Le télétravail croise enfin d’autres situations RH parfois délicates. Quand l’état de santé entre en jeu, par exemple, la frontière avec l’inaptitude au travail en Nouvelle-Calédonie demande une vraie vigilance : le télétravail n’est pas une réponse automatique à une restriction médicale.

Externalisez la gestion sociale de votre télétravail avec Altheo

Mettre en place le télétravail proprement, c’est rédiger l’avenant ou la charte, paramétrer la paie en tenant compte du SMG et des taux CAFAT, gérer la DNS et sécuriser le traitement des indemnités. Beaucoup de dirigeants calédoniens n’ont ni le temps ni l’envie de jongler avec ces obligations en plus de leur métier.

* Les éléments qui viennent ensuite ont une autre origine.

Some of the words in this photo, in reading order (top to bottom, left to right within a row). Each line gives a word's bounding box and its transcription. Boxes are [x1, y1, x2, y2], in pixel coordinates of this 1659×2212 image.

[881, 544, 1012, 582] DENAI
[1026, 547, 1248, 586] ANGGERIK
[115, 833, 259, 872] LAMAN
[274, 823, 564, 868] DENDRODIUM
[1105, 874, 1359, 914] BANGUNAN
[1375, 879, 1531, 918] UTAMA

C’est exactement le rôle d’Altheo. Prestataire social calédonien partenaire du cabinet comptable AXEO, nous prenons en charge l’externalisation de votre paie et de votre gestion RH : bulletins conformes au droit local, déclarations CAFAT, CRE et DNS, suivi des accords (dont les avenants de télétravail), et veille sur l’évolution des règles. Vous gardez la main sur vos décisions, nous gérons la mécanique sociale.

Vous envisagez de cadrer ou de formaliser le télétravail dans votre entreprise ? Découvrez nos services d’externalisation paie et RH, ou contactez-nous directement pour demander un devis adapté à votre effectif.

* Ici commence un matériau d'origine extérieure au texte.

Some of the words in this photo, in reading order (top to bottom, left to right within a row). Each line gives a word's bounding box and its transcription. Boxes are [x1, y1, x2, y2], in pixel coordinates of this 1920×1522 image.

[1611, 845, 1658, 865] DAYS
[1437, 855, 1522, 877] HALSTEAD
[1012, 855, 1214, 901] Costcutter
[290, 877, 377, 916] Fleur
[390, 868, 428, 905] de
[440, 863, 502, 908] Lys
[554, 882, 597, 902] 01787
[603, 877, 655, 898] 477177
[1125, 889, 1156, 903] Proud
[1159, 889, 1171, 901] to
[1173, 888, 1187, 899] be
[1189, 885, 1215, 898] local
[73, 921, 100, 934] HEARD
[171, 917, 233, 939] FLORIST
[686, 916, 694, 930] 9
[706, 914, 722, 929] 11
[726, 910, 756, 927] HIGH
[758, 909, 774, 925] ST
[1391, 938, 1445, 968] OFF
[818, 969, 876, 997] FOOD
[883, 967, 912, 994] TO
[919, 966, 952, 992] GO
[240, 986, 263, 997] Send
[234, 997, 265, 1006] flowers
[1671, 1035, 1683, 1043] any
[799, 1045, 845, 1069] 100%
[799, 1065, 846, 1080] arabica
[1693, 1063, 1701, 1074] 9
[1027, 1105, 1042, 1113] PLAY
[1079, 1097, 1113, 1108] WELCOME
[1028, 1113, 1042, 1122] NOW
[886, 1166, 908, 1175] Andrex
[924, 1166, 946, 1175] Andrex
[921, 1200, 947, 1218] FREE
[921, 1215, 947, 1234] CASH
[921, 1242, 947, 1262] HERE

Cet article est informatif ; les taux et modalités évoluent, vérifiez l’information à jour auprès des organismes calédoniens (DTENC, CAFAT) ou de votre expert-comptable.

Questions fréquentes

Le télétravail est-il obligatoire pour un employeur en Nouvelle-Calédonie ?+

Non. Le télétravail repose sur le volontariat, côté salarié comme côté employeur. Un salarié peut le demander, mais l'employeur n'est pas tenu de l'accorder : il doit simplement motiver son refus dans un délai de 15 jours après réception de la demande envoyée en lettre recommandée avec accusé de réception. À l'inverse, le refus d'un salarié de télétravailler n'est pas un motif de rupture du contrat. La seule exception concerne les circonstances exceptionnelles ou la force majeure (article Lp. 121-13 du code du travail NC) : l'employeur peut alors l'imposer comme aménagement de poste pour assurer la continuité de l'activité.

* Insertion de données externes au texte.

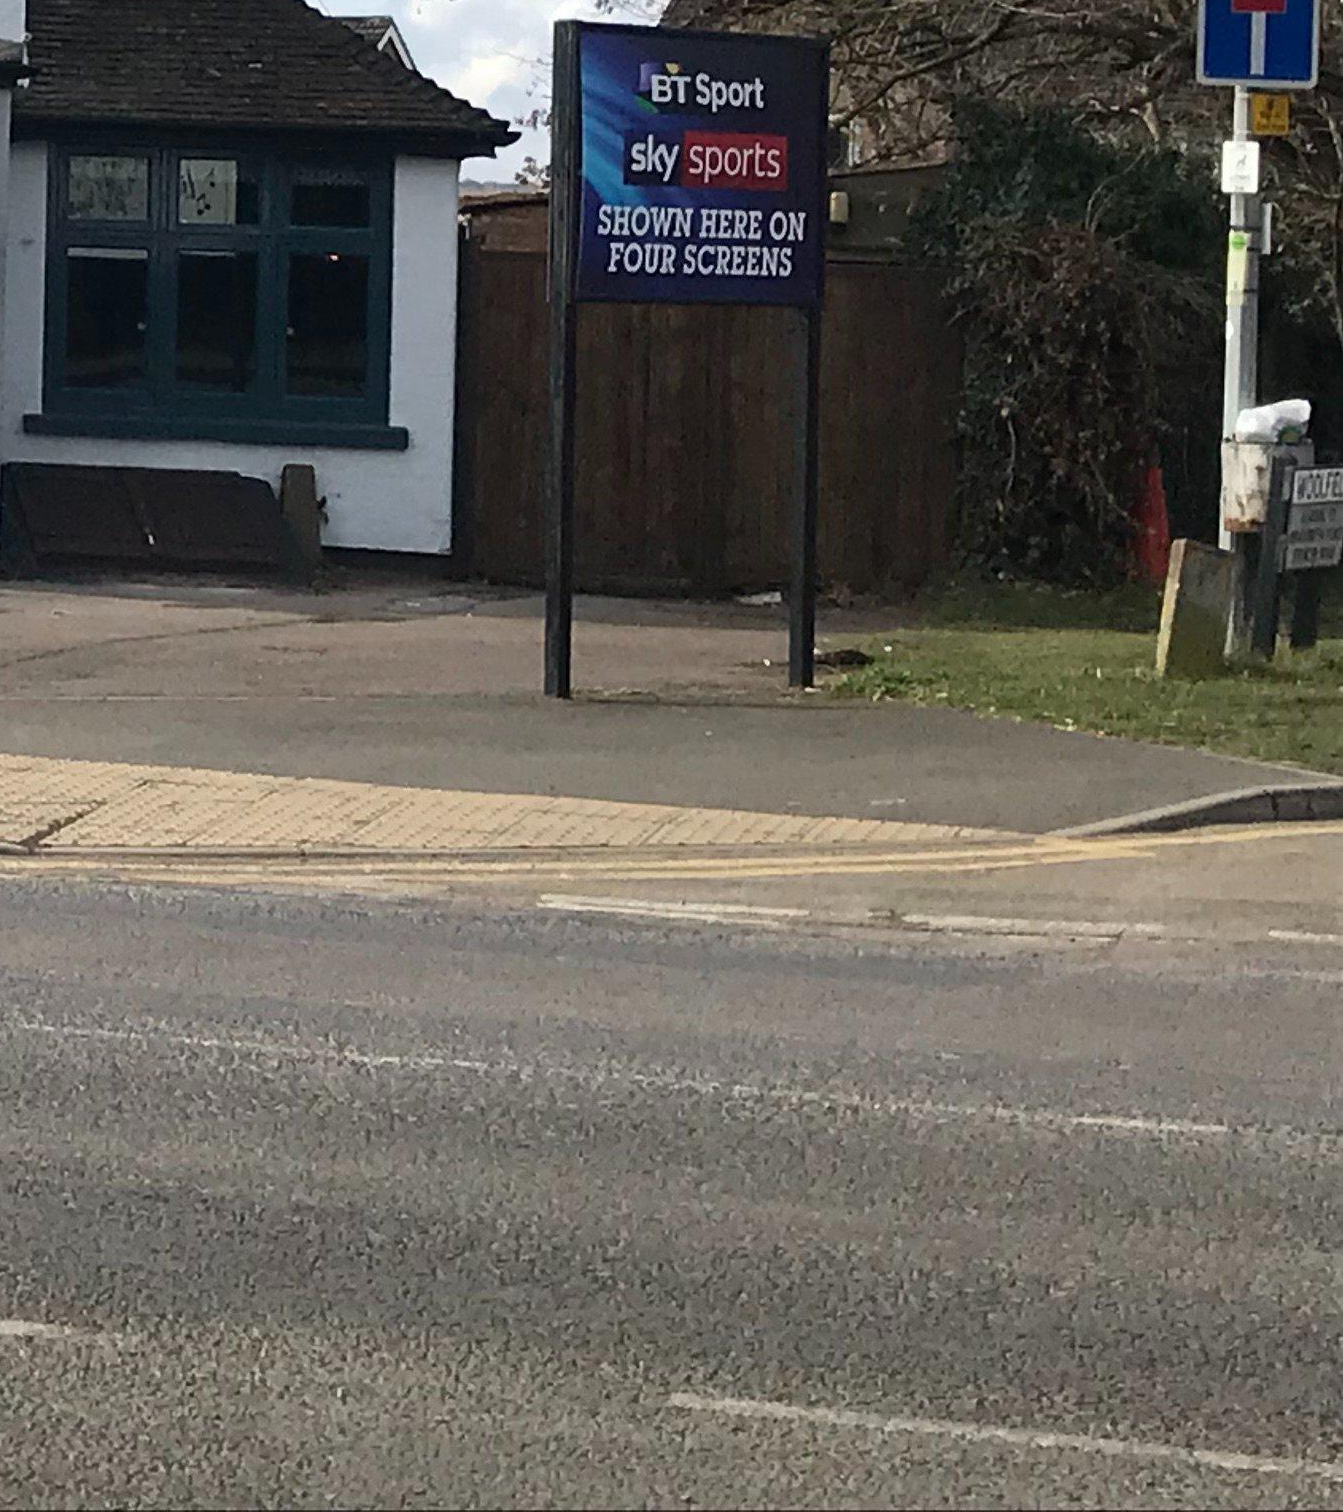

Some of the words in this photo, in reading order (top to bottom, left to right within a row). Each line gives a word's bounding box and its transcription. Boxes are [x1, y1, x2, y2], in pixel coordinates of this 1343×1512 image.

Un accident pendant le télétravail est-il pris en charge par la CAFAT ?+

Oui, en principe. L'article Lp. 121-12 du code du travail de Nouvelle-Calédonie pose une présomption : un accident survenu au lieu et au temps du télétravail, pendant l'exercice de l'activité professionnelle, est présumé être un accident du travail. La déclaration à la CAFAT suit la même procédure qu'un accident en présentiel. Cette présomption n'est pas irréfragable : en cas de litige, la CAFAT ou le juge apprécie au cas par cas si l'accident est réellement rattaché au travail. D'où l'intérêt de définir clairement les plages horaires de travail dans l'accord de télétravail.

L'employeur calédonien doit-il rembourser les frais de télétravail (internet, électricité, matériel) ?+

Le code du travail NC n'impose pas, en soi, un barème de remboursement des frais comme l'électricité ou l'abonnement internet. En revanche, l'article Lp. 121-9 prévoit que l'accord doit fixer les modalités de prise en charge des polices d'assurance couvrant les risques liés au télétravail. En pratique, beaucoup d'entreprises fournissent le matériel (ordinateur, téléphone) et prévoient une participation aux frais dans la charte ou l'avenant. Le traitement social et fiscal d'éventuelles indemnités doit être validé : faites le point avec votre expert-comptable, par exemple le cabinet AXEO, pour sécuriser la paie et la position vis-à-vis de la CAFAT.

Comment formaliser le télétravail dans une entreprise en Nouvelle-Calédonie ?+

Deux voies existent (article Lp. 121-8). Soit un accord collectif d'entreprise encadre le télétravail, soit, à défaut, un accord est conclu directement entre l'employeur et le salarié, le plus souvent par avenant au contrat ou via une charte. Ce document doit préciser au minimum : les conditions de passage en télétravail et de retour en présentiel, la répartition des jours télétravaillés et sur site, les modalités de contrôle du temps et de la charge de travail, les plages horaires pendant lesquelles l'employeur peut joindre le salarié, le droit à la déconnexion et la prise en charge des assurances. Un écrit clair évite la plupart des litiges.